Familial Hypercholesterolaemia Regression Study: a randomised trial of low-density-lipoprotein apheresis

Abstract

Low-density-lipoprotein (LDL) apheresis has the theoretical advantage over anion-exchange resins and hydroxy-methylglutaryl coenzyme A inhibitors of decreasing lipoprotein(a) as well as LDL. To confirm this advantage, patients with heterozygous familial hypercholesterolaemia and coronary artery disease were randomised to receive LDL apheresis fortnightly (with disposable dextran sulphate/cellulose columns) plus simvastatin 40 mg daily, or colestipol 20 g plus simvastatin 40 mg daily. Quantitative coronary angiography was repeated after a mean of 2·1 years in 20 patients undergoing apheresis and in 19 on combination drug therapy. Changes in serum lipoproteins were similar in both groups apart from greater lowering by apheresis of LDL cholesterol (3·2 vs 3·4 mmol/L in drug group, p=0·03) and lipoprotein(a) (geometric means 14 vs 21 mg/dL, p=0·03). There were no significant differences in primary angiographic endpoints per patient but lesion-based and segment-based secondary endpoints were biased in favour of the drug group (change in minimum lumen diameter of lesions 0·07 vs -0·004 mm, p=0·046; change in mean lumen diameter of segments 0·02 vs -0·06 mm, p=0·01). None of the angiographic changes correlated with lipoprotein(a) concentrations.
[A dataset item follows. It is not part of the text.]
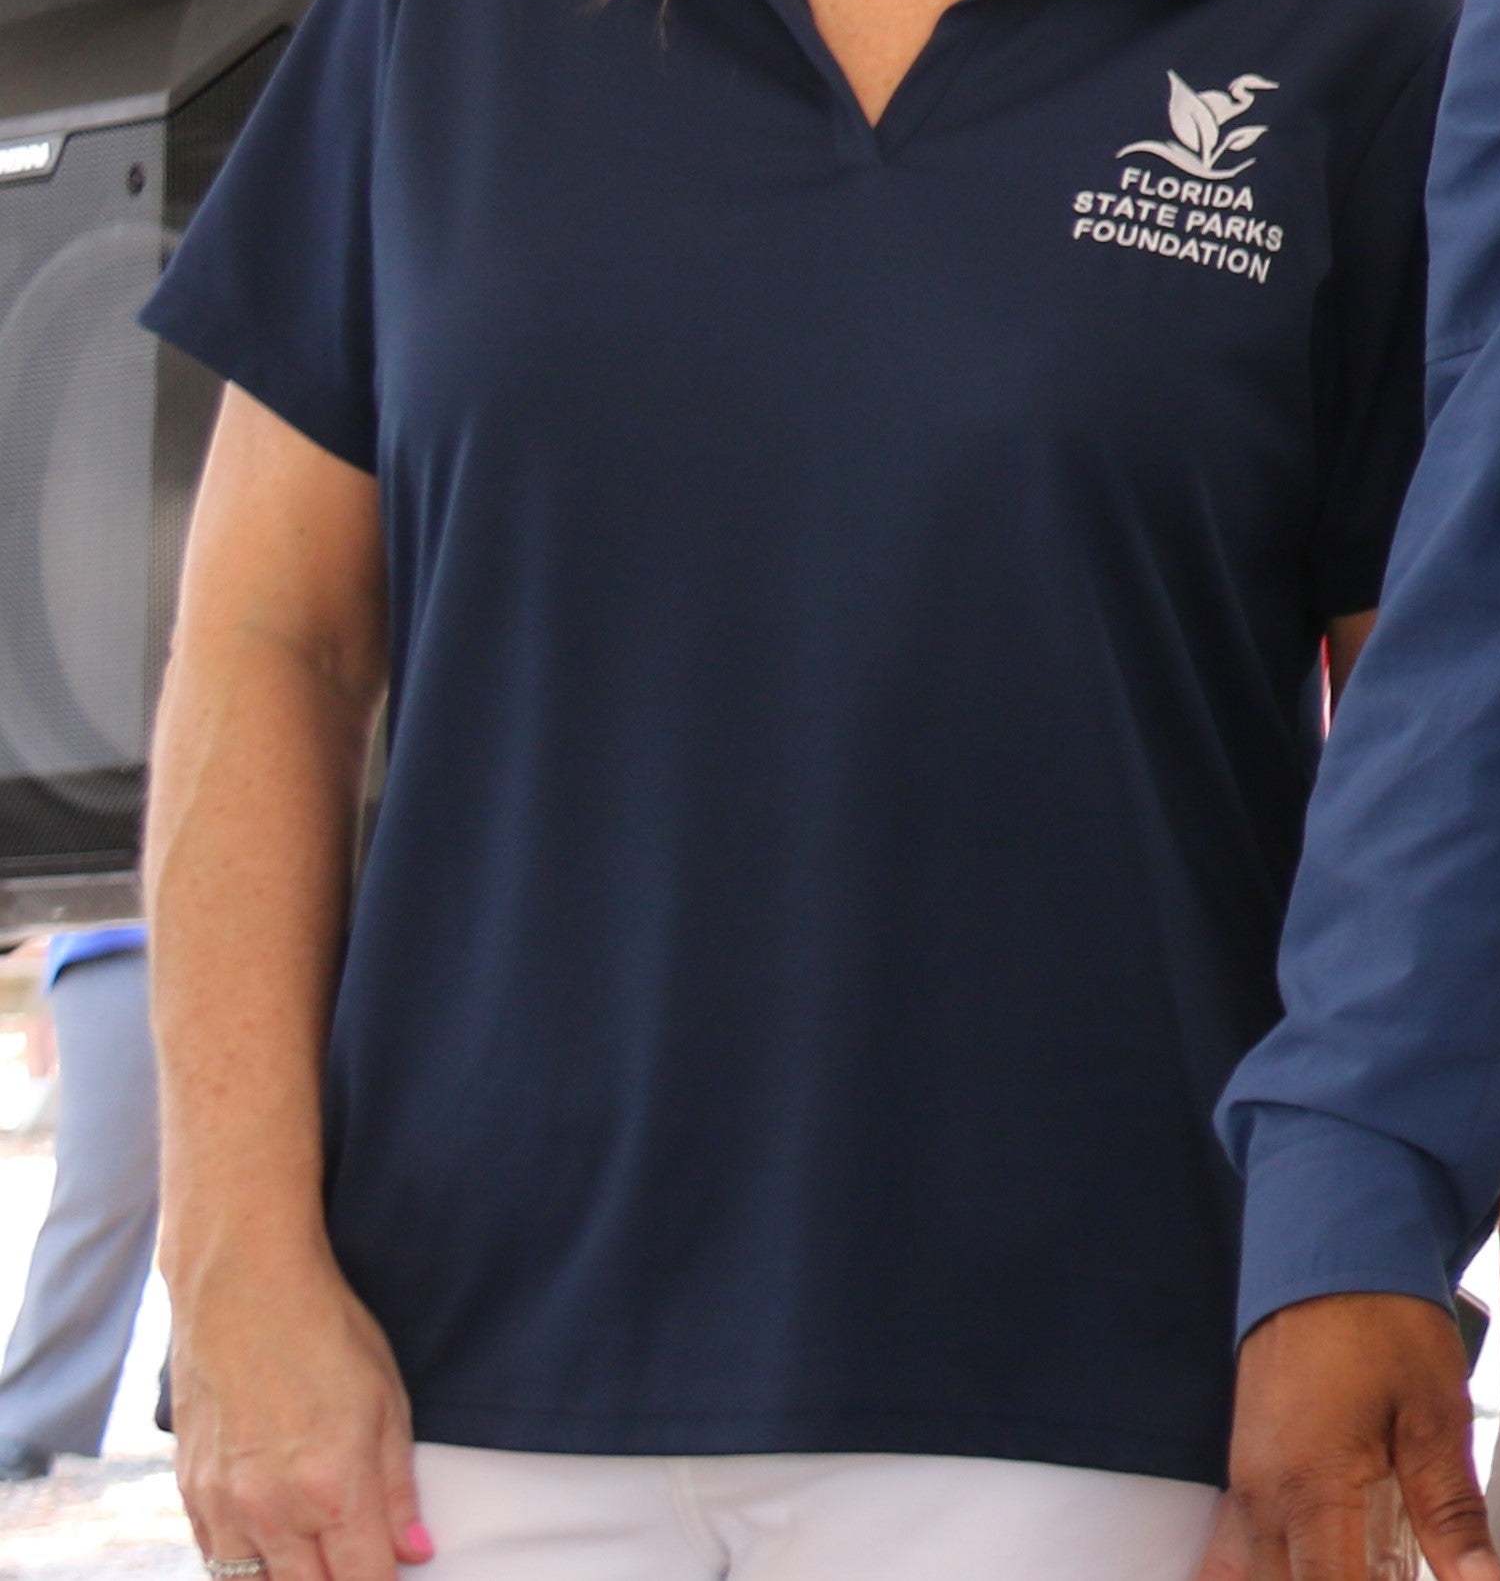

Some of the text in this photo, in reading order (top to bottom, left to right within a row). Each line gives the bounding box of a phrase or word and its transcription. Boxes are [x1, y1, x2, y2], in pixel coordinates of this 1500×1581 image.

[1120, 166, 1255, 212] FLORIDA
[1073, 190, 1284, 253] STATE PARKS
[1073, 218, 1271, 285] FOUNDATION
Per patient changes in % diameter stenosis and minimum lumen diameter in the two groups were as or more favourable than those observed in five published trials that assessed lipid-lowering drug therapy by quantitative coronary angiography. Although LDL apheresis combined with simvastatin was more effective than colestipol plus simvastatin in reducing LDL cholesterol and lipoprotein(a), it was less beneficial in influencing coronary atherosclerosis and should be reserved for patients unresponsive to drugs. Decreasing lipoprotein(a) seems to be unnecessary if LDL cholesterol is reduced to 3·4 mmol/L or less.